### What to work on
Copy each of the entries below faithfully, setting aside any pictures.

### Data shown

.....

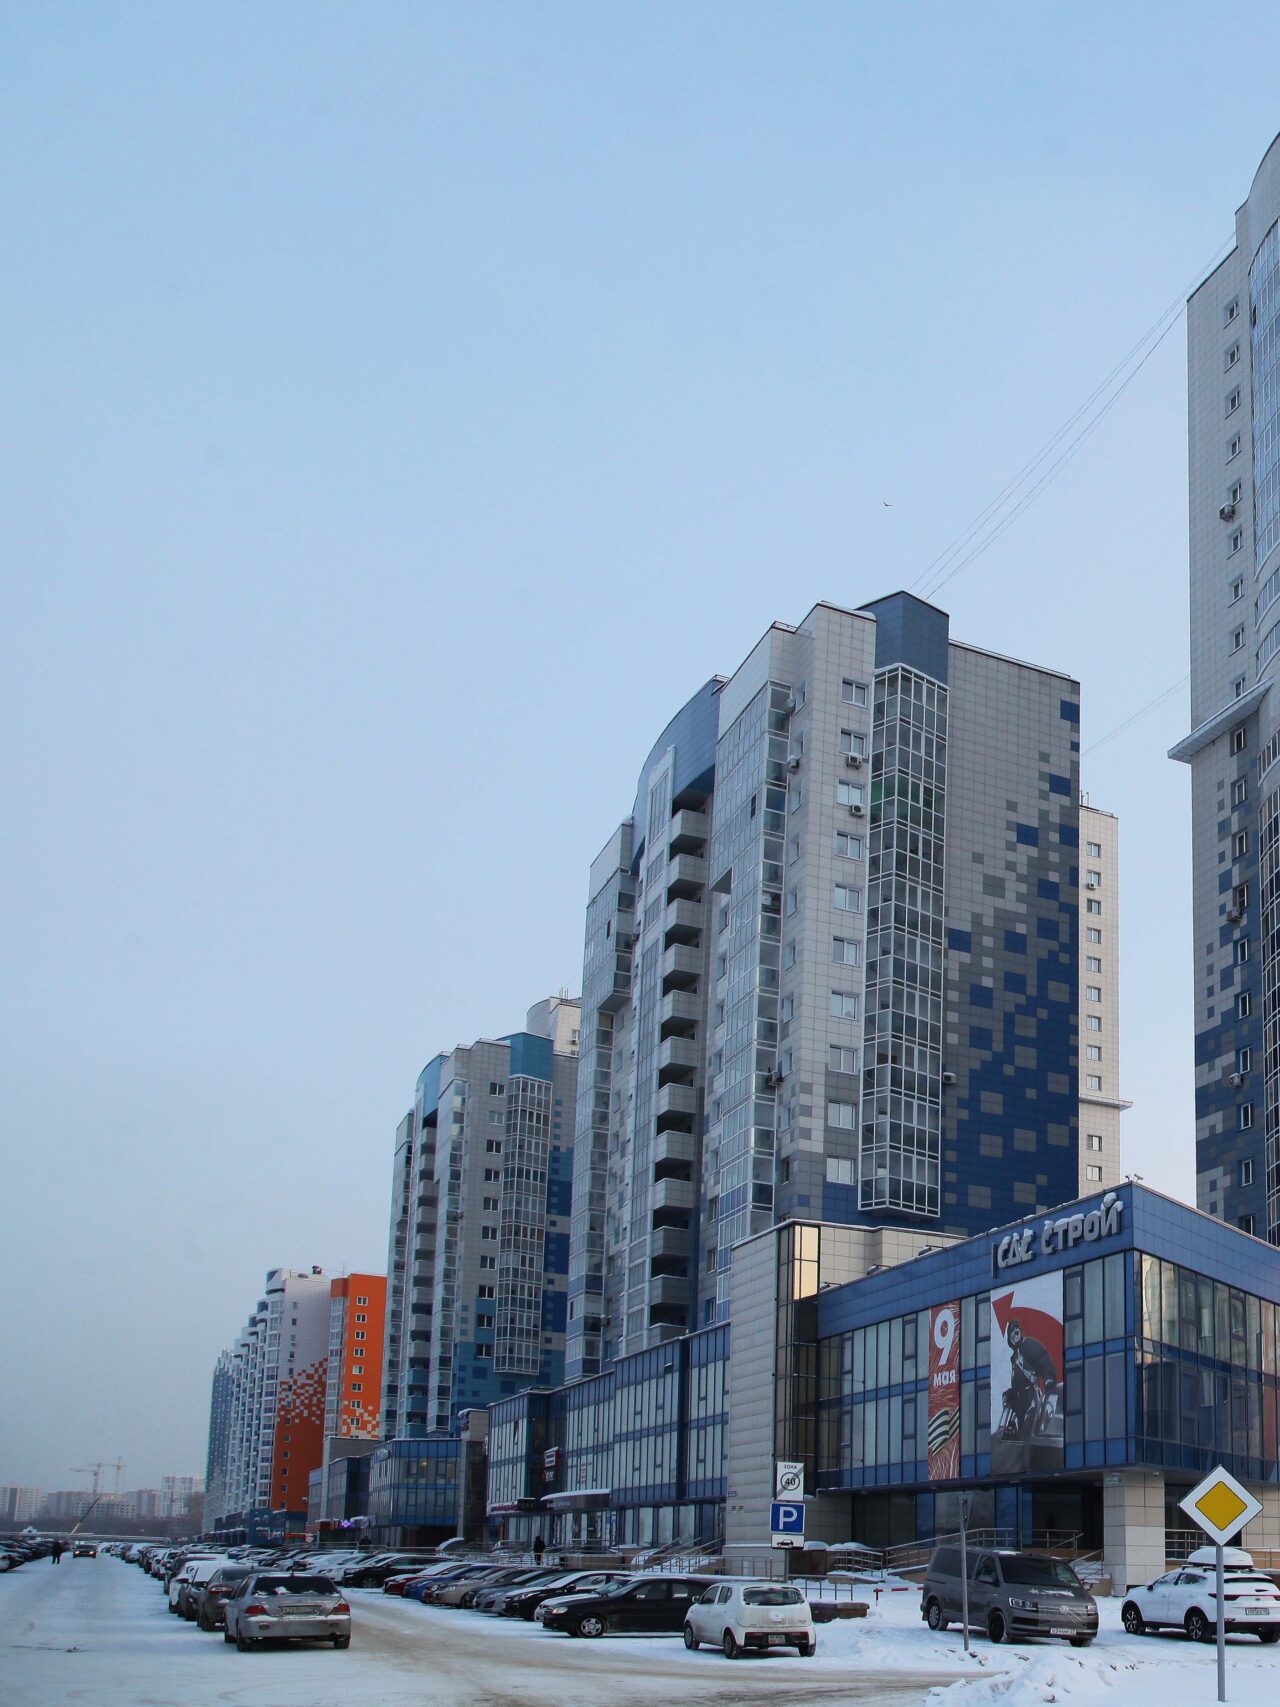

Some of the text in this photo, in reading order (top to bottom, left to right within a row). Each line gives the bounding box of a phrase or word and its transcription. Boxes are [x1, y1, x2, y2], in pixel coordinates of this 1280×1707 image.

[998, 1194, 1123, 1268] СДС СТРОЙ
[934, 1309, 955, 1365] 9
[784, 1477, 796, 1486] 40
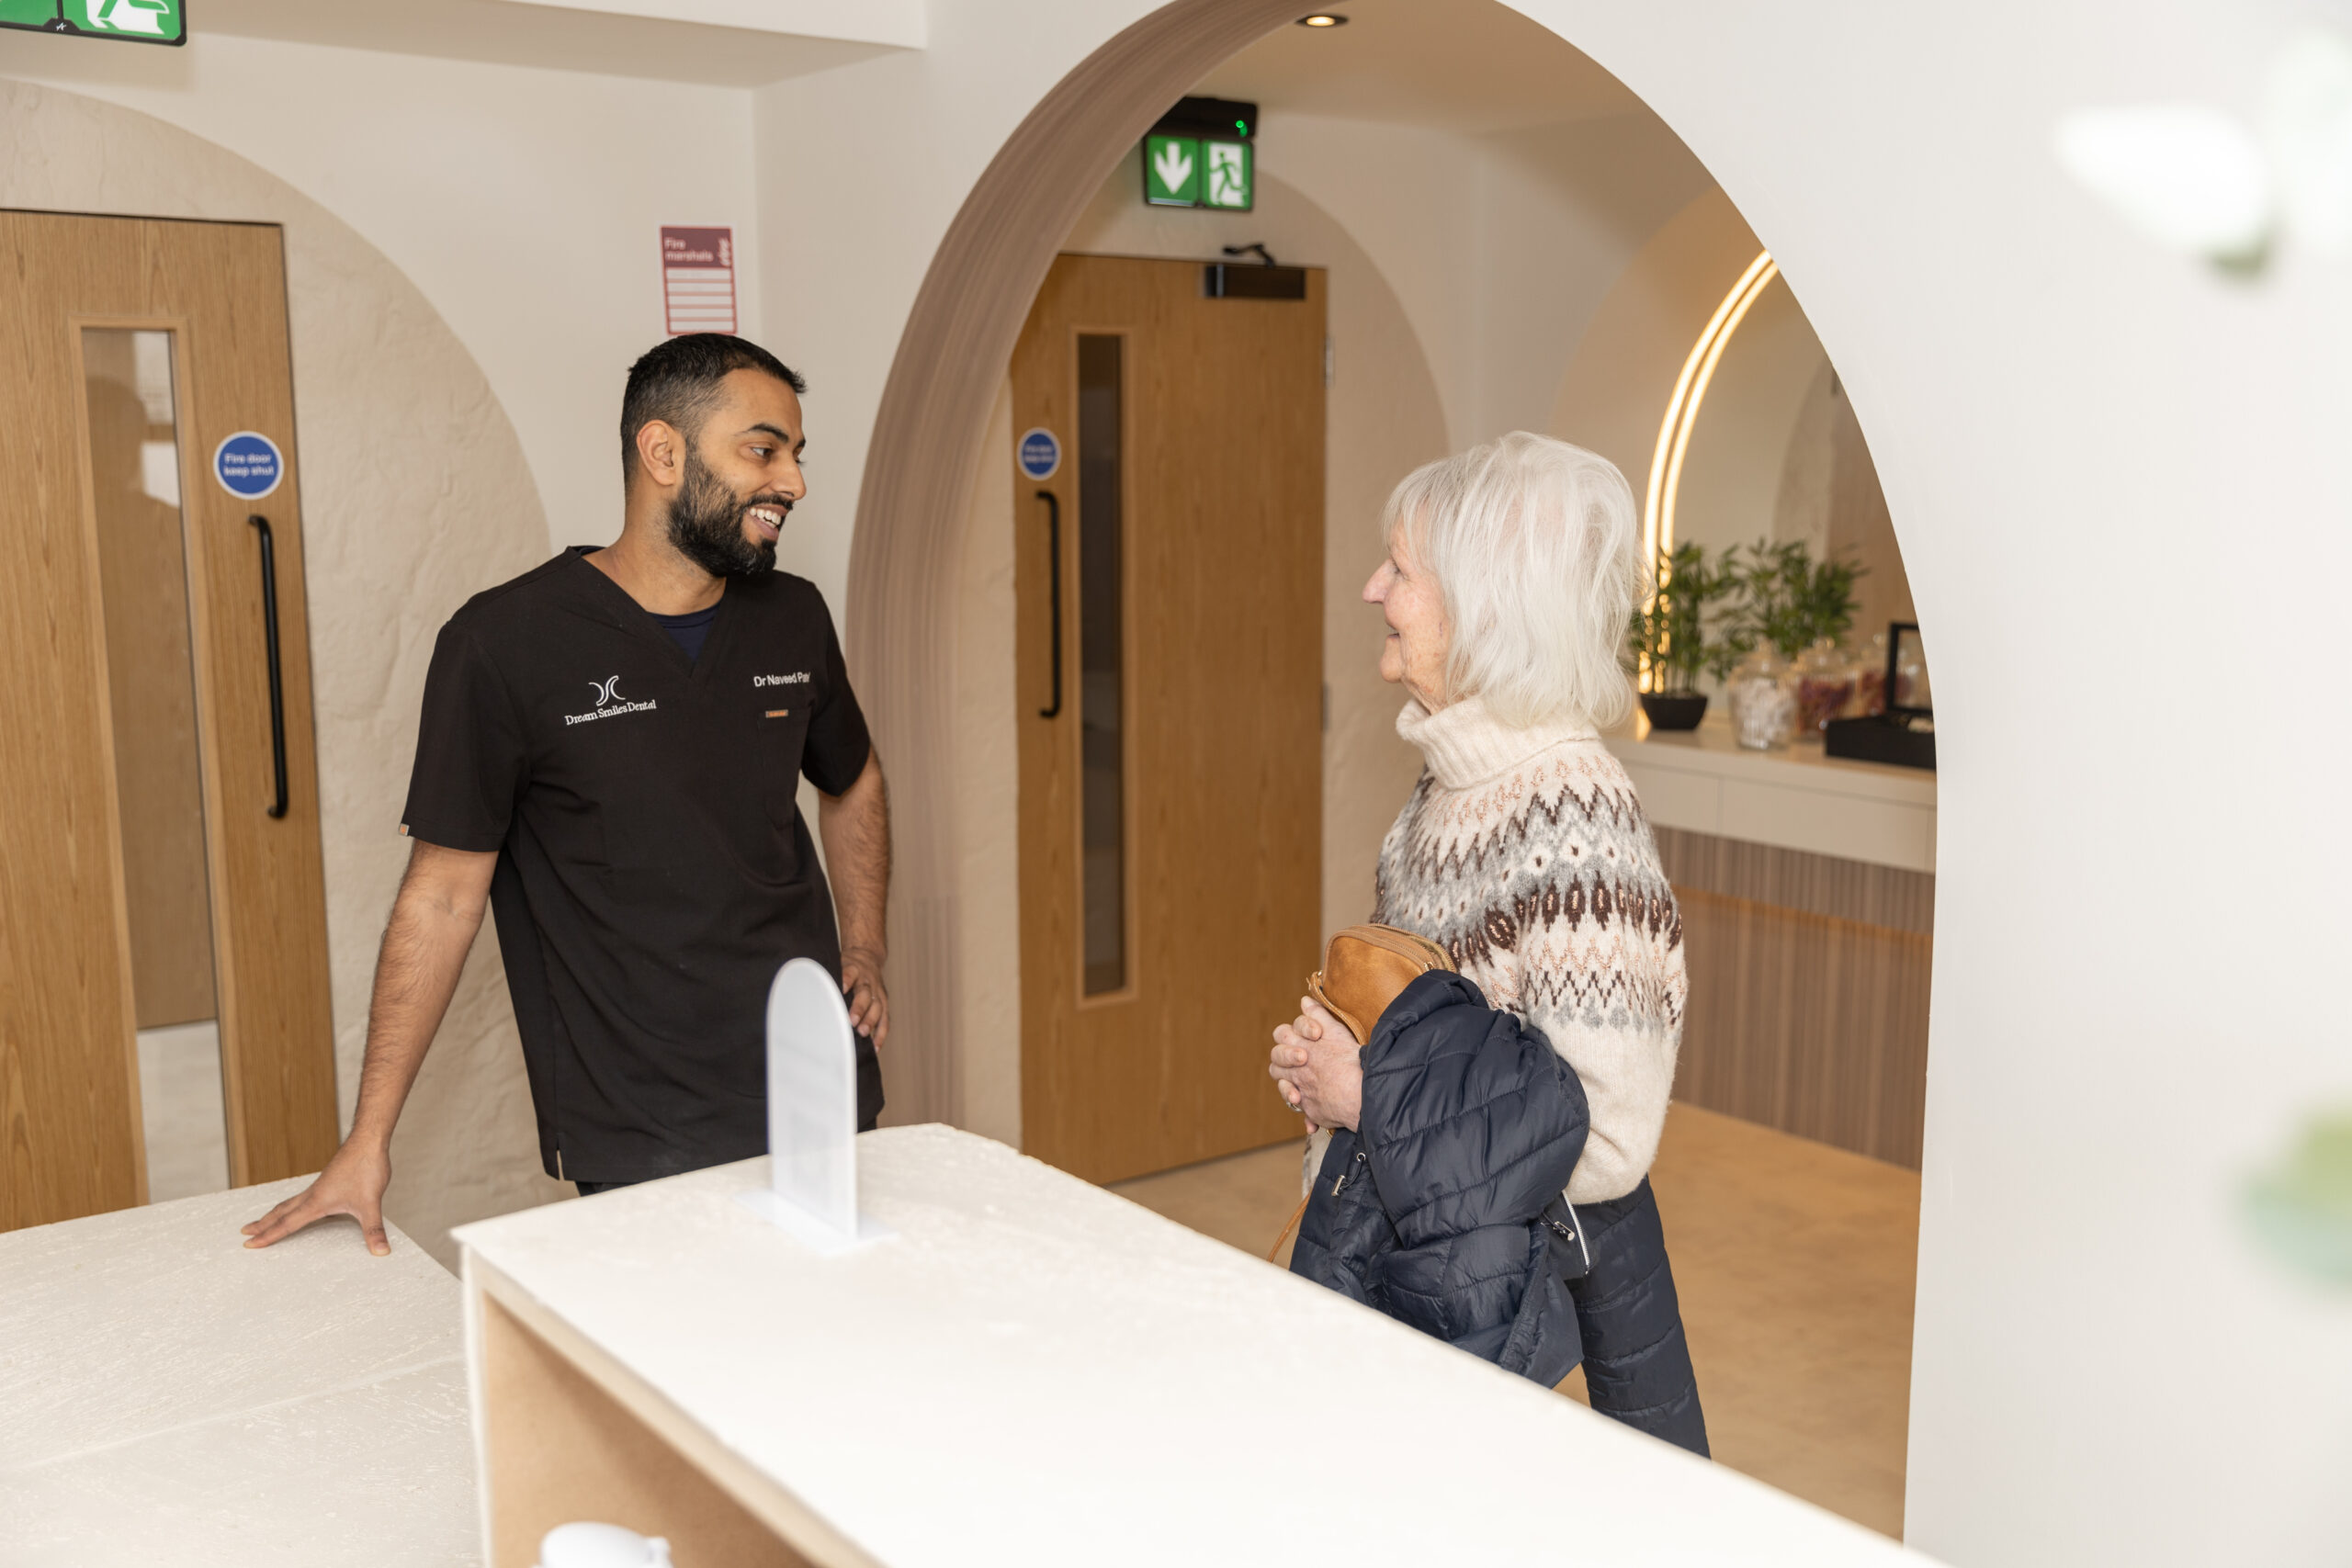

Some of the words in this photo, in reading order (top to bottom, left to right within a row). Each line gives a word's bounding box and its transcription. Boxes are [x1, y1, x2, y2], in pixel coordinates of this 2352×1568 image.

[665, 238, 685, 250] Fire
[224, 453, 245, 464] Fire
[247, 453, 271, 464] door
[223, 466, 249, 478] keep
[251, 465, 274, 476] shut
[753, 676, 766, 687] Dr
[766, 672, 797, 686] Naveed
[565, 712, 598, 726] Dream
[598, 705, 628, 718] Smiles
[627, 699, 657, 713] Dental

.....

### Task response
Some of the text in this photo, in reading order (top to bottom, left to right within a row). Each line gives the bounding box of a phrase or word and its transcription. Boxes are [x1, y1, x2, y2], in pixel coordinates of this 1280×1707 image.

[998, 1194, 1123, 1268] СДС СТРОЙ
[934, 1309, 955, 1365] 9
[784, 1477, 796, 1486] 40

Some of the words in this photo, in reading order (top to bottom, left to right within a row). Each line gives a word's bounding box and its transcription. Boxes are [x1, y1, x2, y2], in pixel coordinates of this 2352×1568 image.

[665, 238, 685, 250] Fire
[224, 453, 245, 464] Fire
[247, 453, 271, 464] door
[223, 466, 249, 478] keep
[251, 465, 274, 476] shut
[753, 676, 766, 687] Dr
[766, 672, 797, 686] Naveed
[565, 712, 598, 726] Dream
[598, 705, 628, 718] Smiles
[627, 699, 657, 713] Dental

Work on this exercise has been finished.